L’exercice militaire African Lion 2026, mené conjointement par le Maroc et les États-Unis, ne se limite pas à des manœuvres sur le terrain. Cette année, les FAR ont déployé un hôpital médico-chirurgical de campagne à Taroudant, offrant des soins gratuits à la population locale. Une opération humanitaire qui tombe à point nommé, alors que les tensions régionales s’intensifient.

Sur le papier, c’est une belle initiative. Plus de 250 professionnels de santé, marocains et américains, soignent gratuitement les habitants des zones rurales. "C’est une première dans la région, et ça montre l’engagement des FAR envers les citoyens", se félicite un officier présent sur place.
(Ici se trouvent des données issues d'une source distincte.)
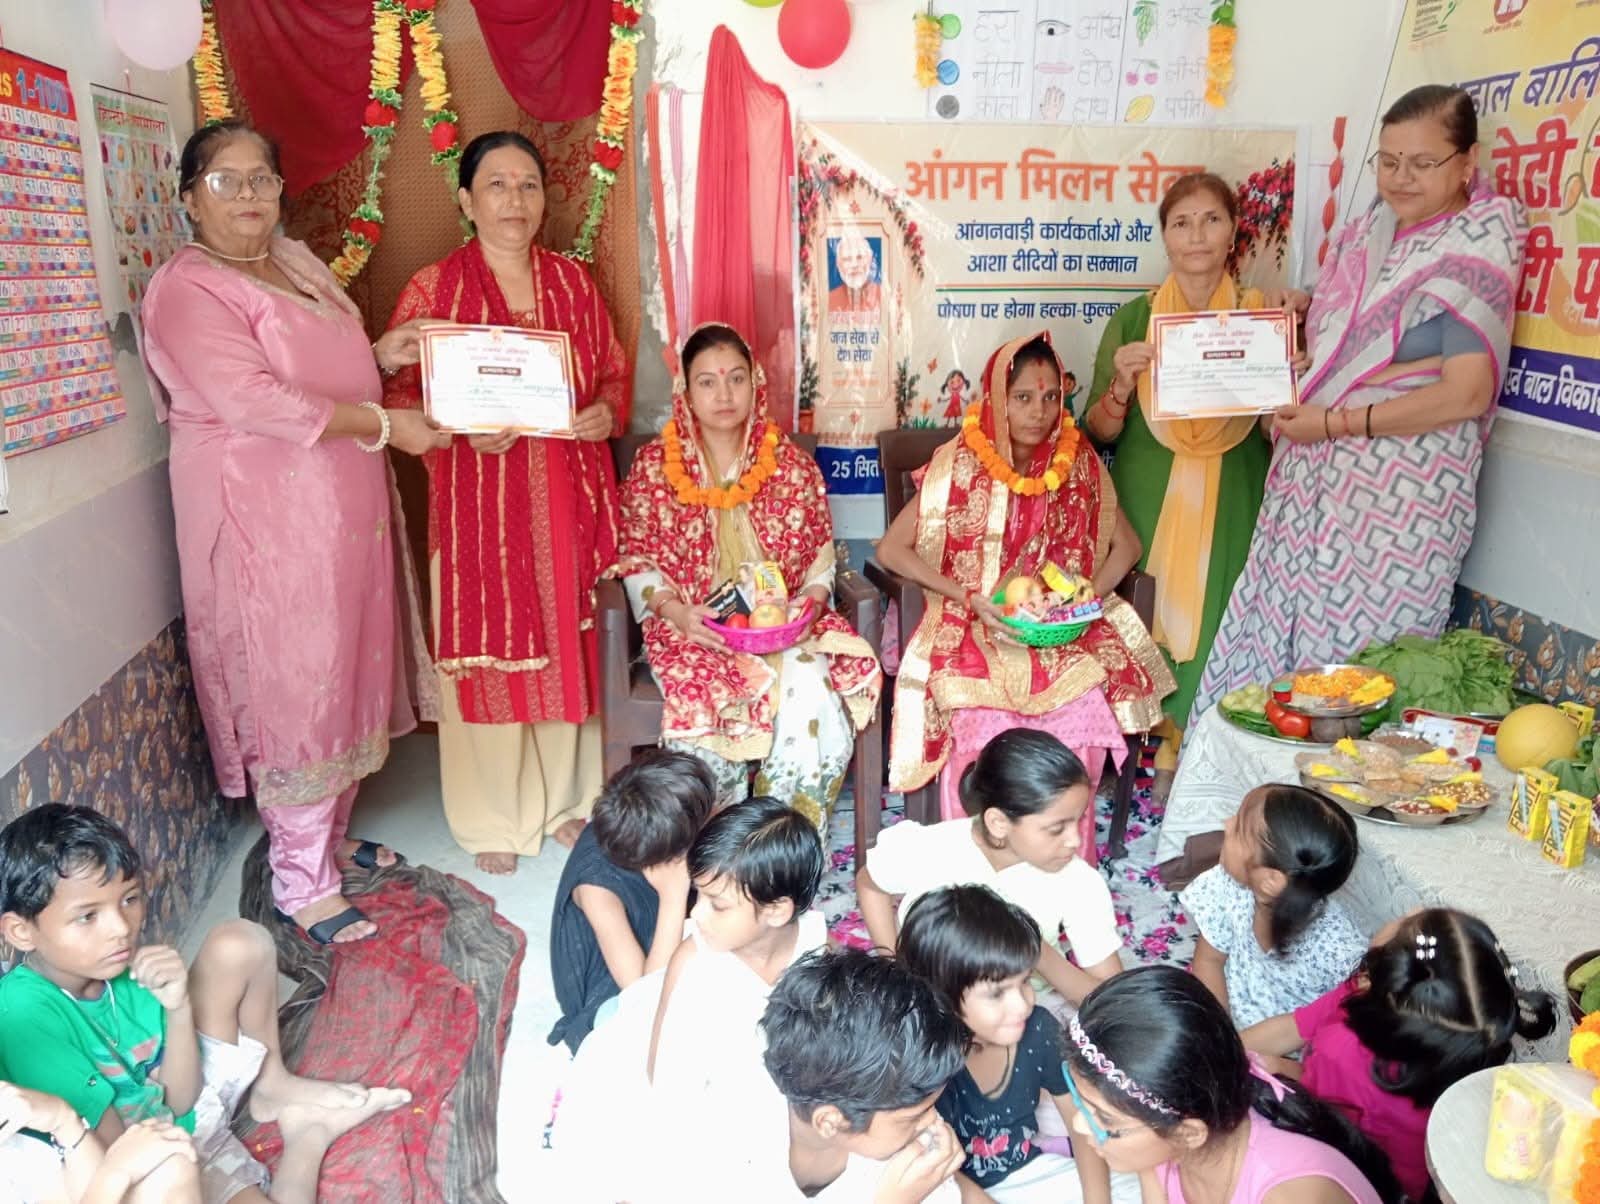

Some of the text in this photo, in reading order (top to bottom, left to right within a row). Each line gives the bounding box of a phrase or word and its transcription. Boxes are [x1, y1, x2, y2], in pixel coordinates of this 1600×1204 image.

[0, 72, 13, 97] S
[905, 148, 1206, 203] आंगन मिलन से
[1491, 118, 1579, 208] बेटी
[955, 216, 1153, 244] आंगनवाड़ी कार्यकर्ताओं और
[967, 248, 1138, 273] आशा दीदियों का सम्मान
[1514, 225, 1564, 315] टी
[937, 297, 1121, 324] पोषण पर होगा हल्का-फुल्क
[1523, 370, 1558, 404] बाल
[831, 460, 851, 479] 25
Mais derrière cette vitrine humanitaire, se cache une réalité plus sombre. African Lion est avant tout un exercice militaire de grande envergure, conçu pour préparer les troupes à des conflits de haute intensité. Avec la montée des tensions au Sahel et la guerre qui fait rage au Moyen-Orient, le Maroc se positionne comme un partenaire clé des États-Unis dans la région.
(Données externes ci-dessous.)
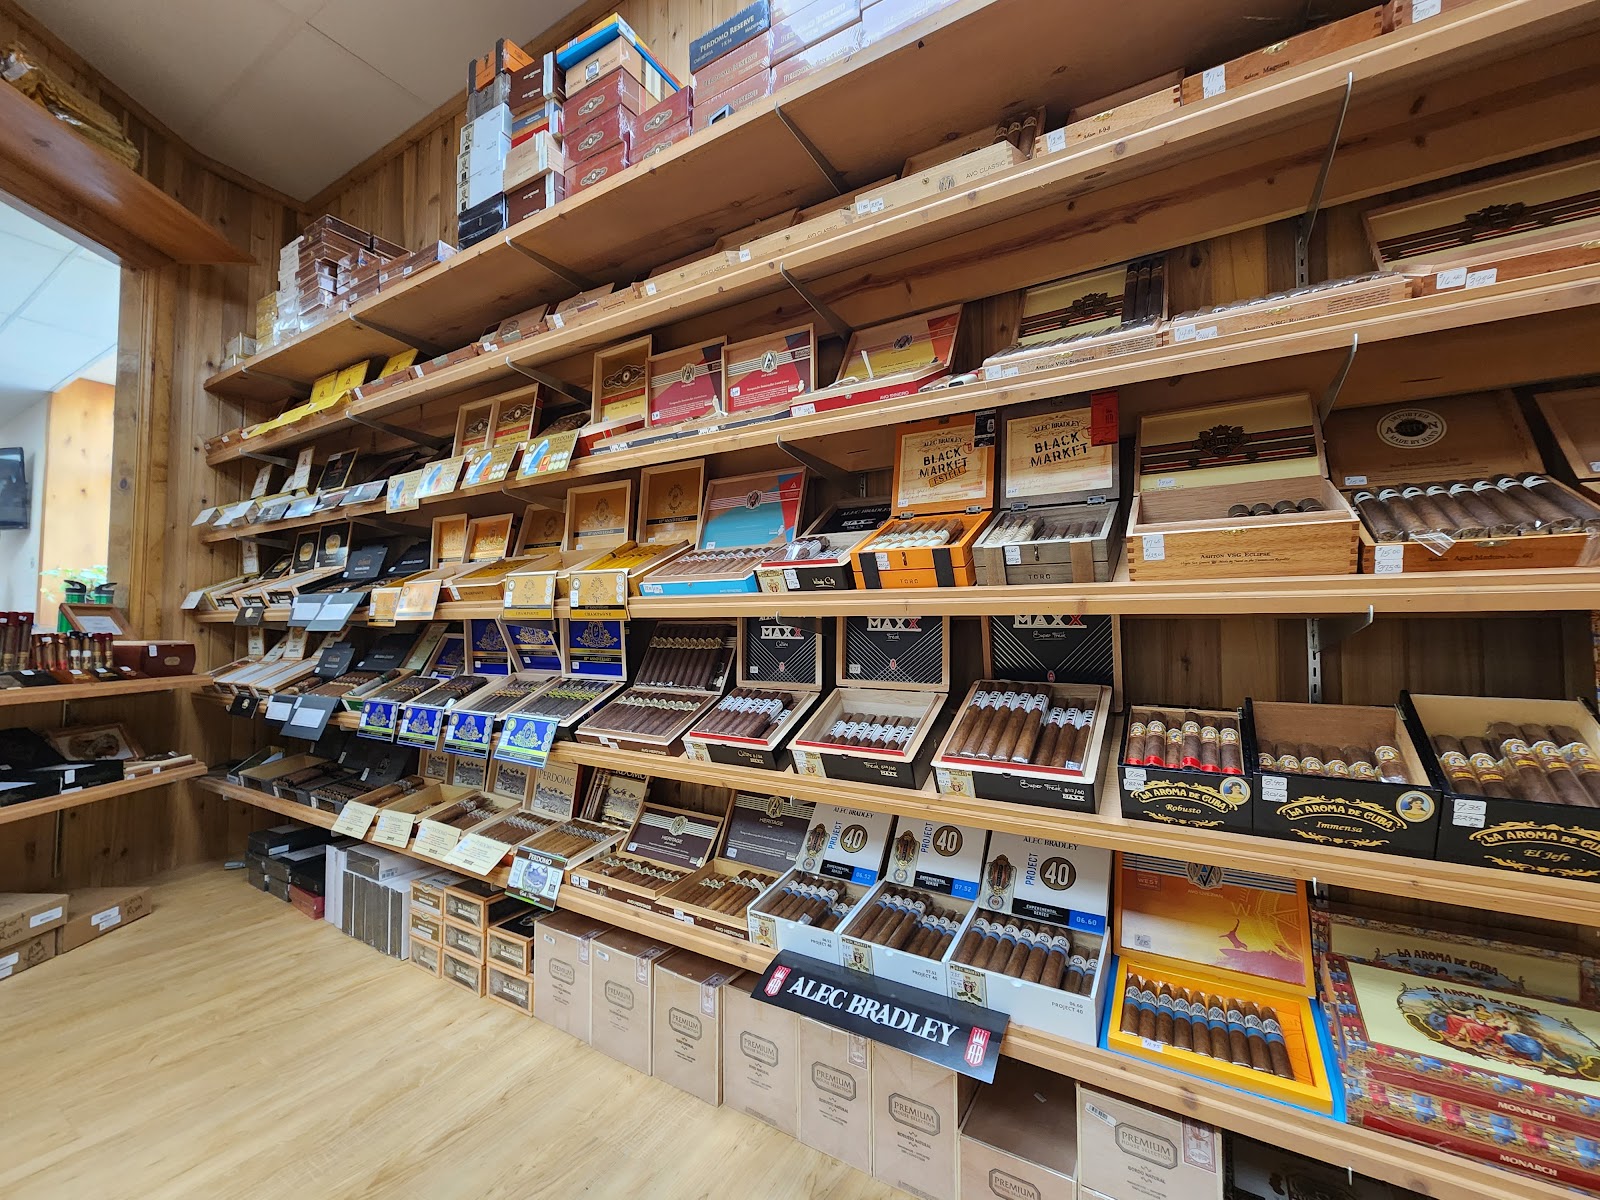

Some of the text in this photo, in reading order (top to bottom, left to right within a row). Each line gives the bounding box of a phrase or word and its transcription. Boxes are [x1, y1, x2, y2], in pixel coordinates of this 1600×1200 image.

[700, 14, 755, 53] PERDOMO RESERVE
[1262, 60, 1290, 75] Magnum
[965, 160, 1006, 179] AVO CLASSIC
[1055, 359, 1068, 367] VSG
[1389, 411, 1430, 423] IMPORTED
[1033, 420, 1081, 433] ALEC BRADLEY
[1034, 431, 1080, 454] BLACK
[1204, 437, 1239, 447] ASHTON
[1391, 434, 1410, 445] MADE
[1421, 430, 1439, 444] HAND
[923, 447, 961, 466] BLACK
[1030, 442, 1088, 467] MARKET
[919, 456, 968, 478] MARKET
[867, 617, 922, 631] MAXX
[1013, 614, 1083, 627] MAXX
[761, 626, 804, 639] MAXX
[1019, 779, 1043, 791] Super
[1062, 793, 1085, 802] MAXX
[1140, 788, 1228, 811] LA AROMA DE CUBA
[848, 810, 875, 819] BRADLEY
[1165, 803, 1202, 814] Robusto
[759, 817, 784, 827] HERITAGE
[1287, 804, 1394, 830] LA AROMA DE CUBA
[1316, 821, 1364, 834] Immensa
[827, 821, 843, 850] PROJECT
[843, 828, 864, 849] 40
[920, 822, 934, 854] PROJECT
[936, 829, 958, 852] 40
[1483, 830, 1580, 845] LA AROMA DE
[1023, 836, 1079, 851] ALEC BRADLEY
[528, 852, 552, 865] PERDOMO
[1523, 849, 1571, 862] El Jefe
[855, 871, 872, 880] 06.52
[1025, 852, 1039, 886] PROJECT
[1044, 861, 1070, 886] 40
[954, 883, 972, 893] 07.52
[1137, 877, 1159, 885] WEST
[1076, 916, 1097, 926] 06.60
[810, 939, 827, 947] PROJECT
[1397, 948, 1499, 976] LA AROMA DE CUBA
[912, 969, 932, 980] PROJECT
[607, 986, 631, 1000] PREMIUM
[1424, 985, 1541, 1015] LA AROMA DE CUBA
[787, 976, 959, 1047] ALEC BRADLEY
[1051, 1001, 1076, 1012] PROJECT
[671, 1013, 699, 1029] PREMIUM
[744, 1037, 775, 1057] PREMIUM
[816, 1068, 852, 1090] PREMIUM
[830, 1081, 852, 1094] SELECTION
[893, 1100, 935, 1123] PREMIUM
[893, 1108, 936, 1129] HOUSE SELECTION
[1497, 1101, 1556, 1122] MONARCH
[897, 1131, 915, 1142] ROBUSTO
[1121, 1130, 1171, 1156] PREMIUM
[1121, 1139, 1172, 1162] HOUSE SELECTION
[1499, 1154, 1558, 1177] MONARCH
[994, 1175, 1035, 1199] PREMIUM
Pour Washington, c’est l’occasion de renforcer son influence en Afrique du Nord, face à la Russie et à la Chine. Pour Rabat, c’est une façon de montrer sa puissance militaire, tout en soignant son image auprès de la population. "L’humanitaire, c’est le soft power des armées modernes", résume un analyste géopolitique.


Ce qu’il faut retenir

  1. Marrakech étouffe : La crise des déchets révèle les failles de la gouvernance locale. Entre négligence et priorités mal placées, la ville paie le prix de son attractivité touristique.
  2. Forêts : un partenariat sous influence : La coopération avec la France est une nécessité, mais elle ne doit pas se faire au détriment de la souveraineté environnementale du Maroc.
  3. Presse : une réforme qui divise : Le CNP est-il en train de se moderniser, ou de se soumettre un peu plus au pouvoir ? La question reste ouverte.
  4. African Lion : l’humanitaire au service du militaire : Derrière les soins gratuits, se cache une stratégie géopolitique bien rodée.

Le Maroc avance, mais à quel prix ? Entre urgence environnementale, enjeux culturels et calculs géopolitiques, les choix d’aujourd’hui dessineront le visage du pays pour les décennies à venir.